Крейвенене захлопывает дверь и тут же спохватывается — может, разбудила? Да ладно, хватит ему дрыхнуть. В сенях задевает ведро, едва не вылив помои, и думает в сердцах: сама не вынесешь, не сделаешь чего, не поставишь на место — никто не догадается, не додумается… Да и этот… совсем уж… Грехи отцов… Кыш! Отгоняет от крыльца разгуливающих кур, обводит взглядом двор. Воздух чистый, рябит, солнце уже шпарит вовсю, и Крейвенене, заморгав, прикрывает глаза ладонью. Дзинь-дзань, дзинь-дзань! Звенит под точилом коса, и Крейвенене идет на этот звук. Идет ссутулившись, сердито размахивая руками.

— Косишь, значит? — издали кричит она.

Крейвенас чикает косой по стеблям осоки. Махонькое болотце, да еще перерезанное вдвое мелиорационной канавой. Сена всего ничего.

— Косишь…

Марчюс только теперь расслышал, поворачивается к ней, не разгибая спины.

— Корове на подстилку…

Крейвенене облизывает пересохшие губы, берет с земли пучок росистой осоки, зло сжимает его и отбрасывает подальше.

— Вчера хотела сказать, да не успела. Не знаешь, наверно, что Антасе ноги протянула.

Крейвенене, прищурясь, смотрит на мужа; она должна видеть все-все: только тогда осознает, что настал час ее торжества.

— Какая… Антасе?

— Какая… Он еще спрашивает! Да та, из Дегимай. В земле уже!

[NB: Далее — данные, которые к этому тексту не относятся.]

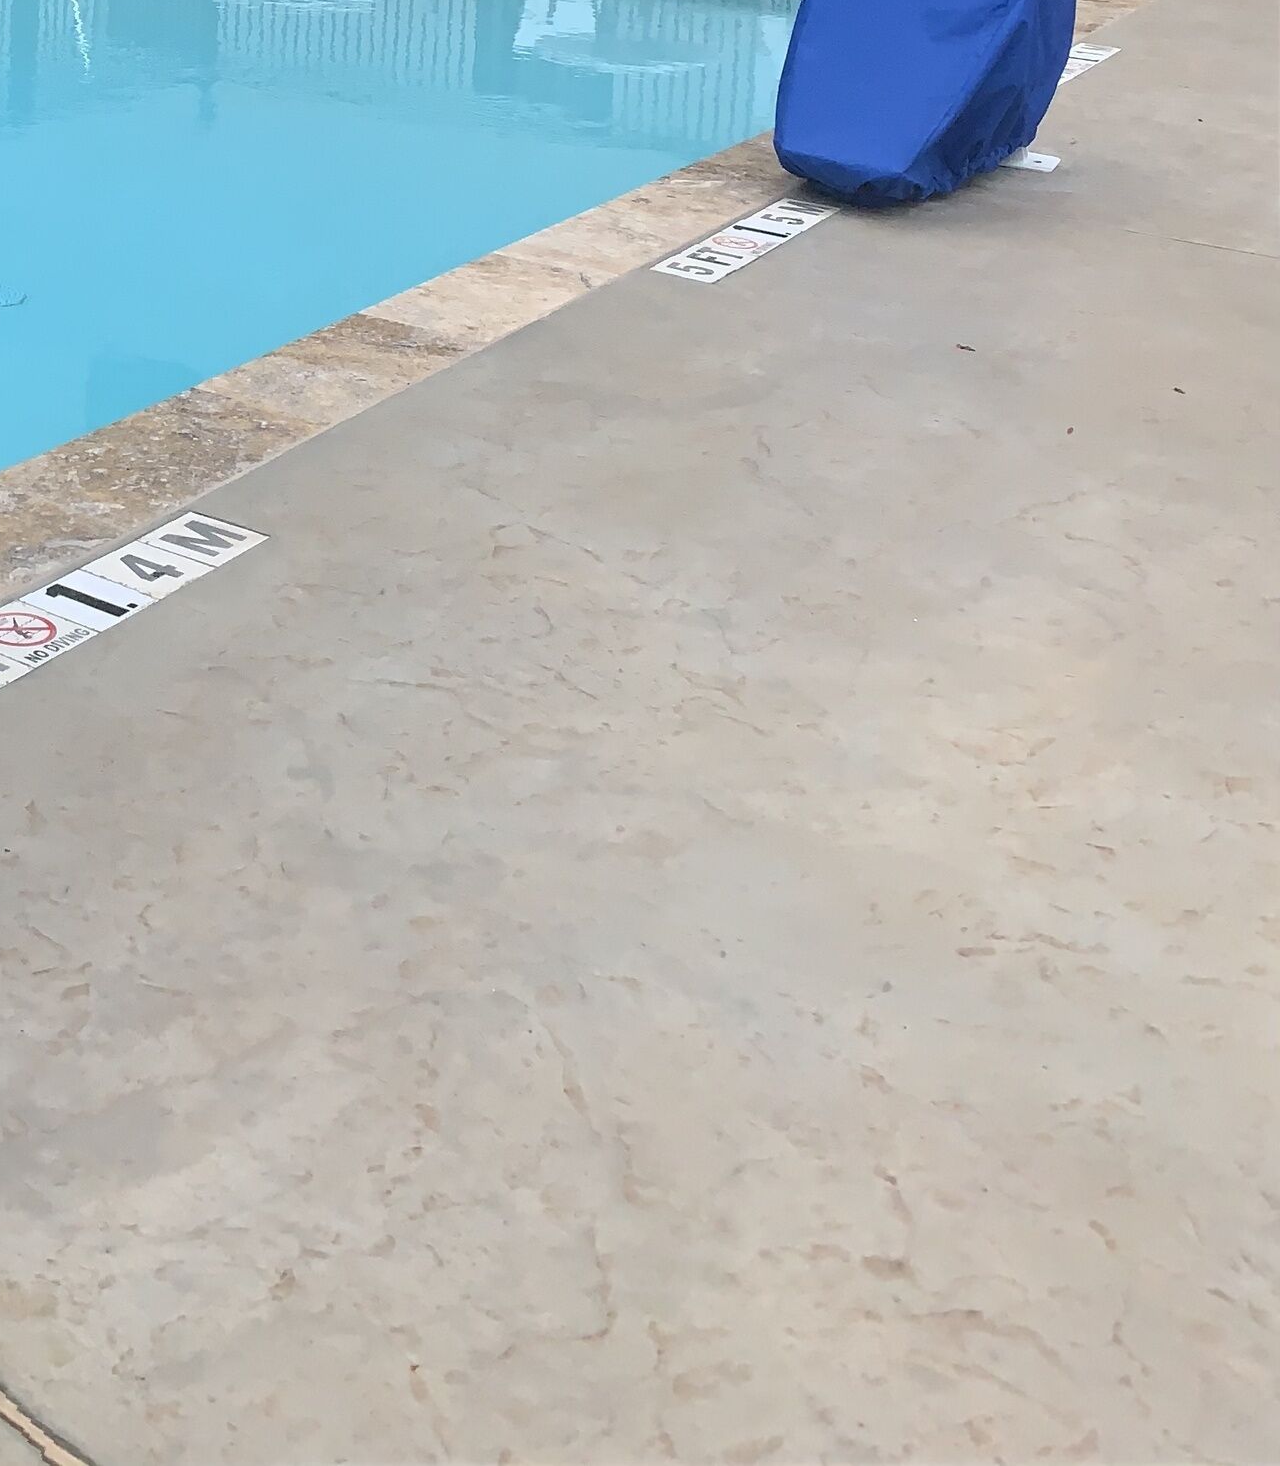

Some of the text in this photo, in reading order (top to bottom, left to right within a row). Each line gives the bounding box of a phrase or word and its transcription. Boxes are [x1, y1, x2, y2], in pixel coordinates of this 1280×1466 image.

[778, 200, 834, 216] M
[686, 246, 744, 266] FT
[666, 261, 715, 276] 5
[165, 520, 247, 555] M
[23, 627, 90, 664] NO DIVING
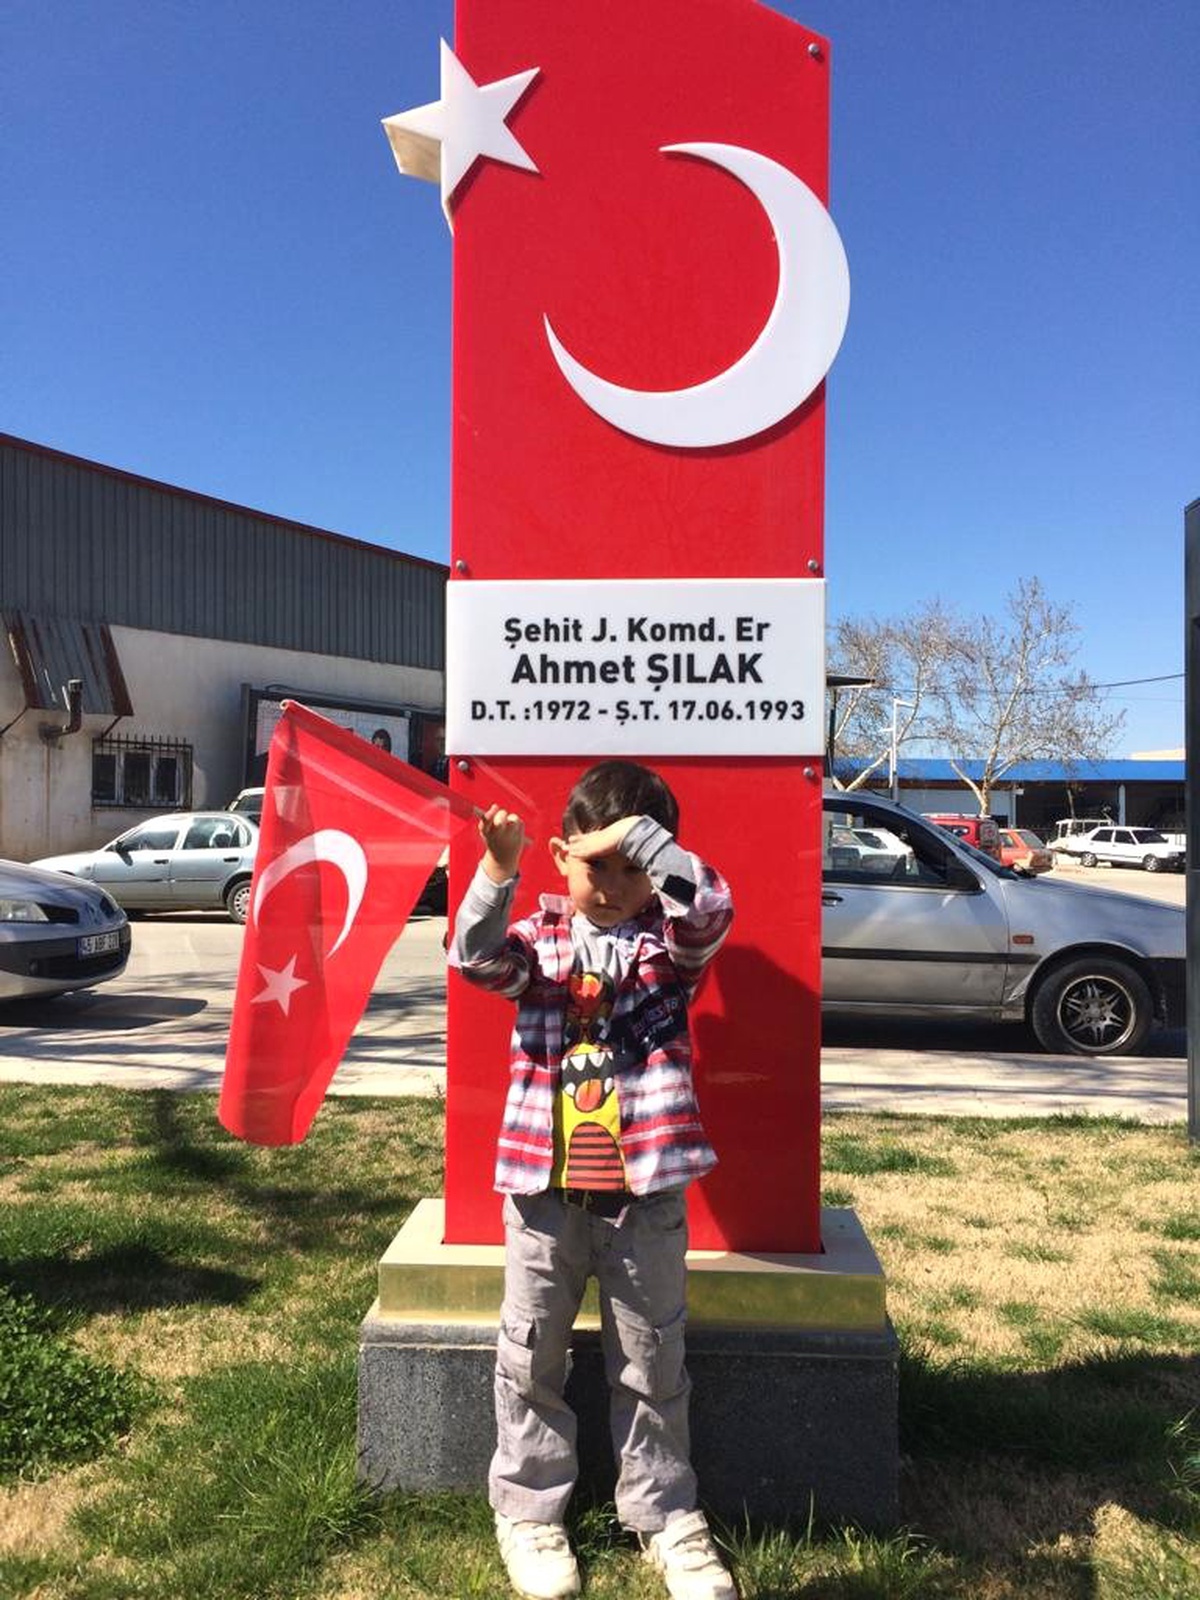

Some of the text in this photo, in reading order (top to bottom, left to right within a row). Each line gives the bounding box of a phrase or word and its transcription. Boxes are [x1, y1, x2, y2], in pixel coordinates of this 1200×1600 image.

[504, 616, 771, 649] Şehit J. Komd. Er
[511, 652, 763, 692] Ahmet ŞILAK
[471, 700, 516, 721] D.T.
[615, 700, 660, 726] Ş.T.
[668, 699, 805, 721] 17.06.1993

Марчюс бросает короткий взгляд на лес, за которым приютилась деревня Дегимай, и снова глядит на свою жену — просто, как каждый божий день.

— А ты… вечно думаешь жить?

По спине Крейвенене пробегает холодок.

— Я… Почему я?..

— Все там будем, в земле.

И словно ветром слизнуло всю ее радость. Она опускает голову и смотрит на свои руки — сухие, костлявые, в синих жгутах жил. И на ногтях синева…

— Чего стоишь? — тихо, изменившимся голосом спрашивает она. — Мне такой сон снился… Косу бери… Ну, чего стоишь-то?

Марчюс берет с луга косу, зажимает обушок под мышкой и поворачивается лицом к лесу. Дзинь-дзань, дзинь-дзань… Медленно проводит точилом, и коса звенит сипло, будто надтреснутый колокол.


Муж Антасе, лесник, погиб в первые дни войны. Шел по опушке, нес на плече плуг — собирался опахивать картошку; на дороге застрекотал мотоцикл, остановился, и немец поднял автомат. Антасе похоронила мужа и осталась одна-одинешенька. Страшно стало в избенке, да еще в такое смутное время. Не раз собиралась податься к родителям, от которых два года до того муж привез ее в Дегимай, но каждый раз думала: что я там найду, и без меня у них тесно. И оставалась. Хоть бы сосед жил неподалеку, но ближайший хутор — за добрую версту: зови — не дозовешься.

— Запрусь вечером на два крюка, окна занавешу, а заснуть не могу. Зашуршит чего, я и трясусь, что осиновый лист. Думаешь, парни не знают? Идут мимо, напившись, кричат, еще камнем в крышу запустят. А то придет кто и в окошко — стук-стук… Пусти, мол, это я, пусти согреться-то… Помолчит и опять: пусти, жалко, что ли… А потом ругаться начнет, грозится дверь высадить. Так и жила: днем работала, а ночью дрожала. Потом, правда, притерпелась, да и лезть ко мне перестали — зубы обломали…

Рассказывала она об этом Марчюсу, но многим позднее. А началось все по нечаянности.

Рубили лес в стороне Дегимай. Осень выдалась промозглая, слякотная, в дождь даже у костра обедать не с руки.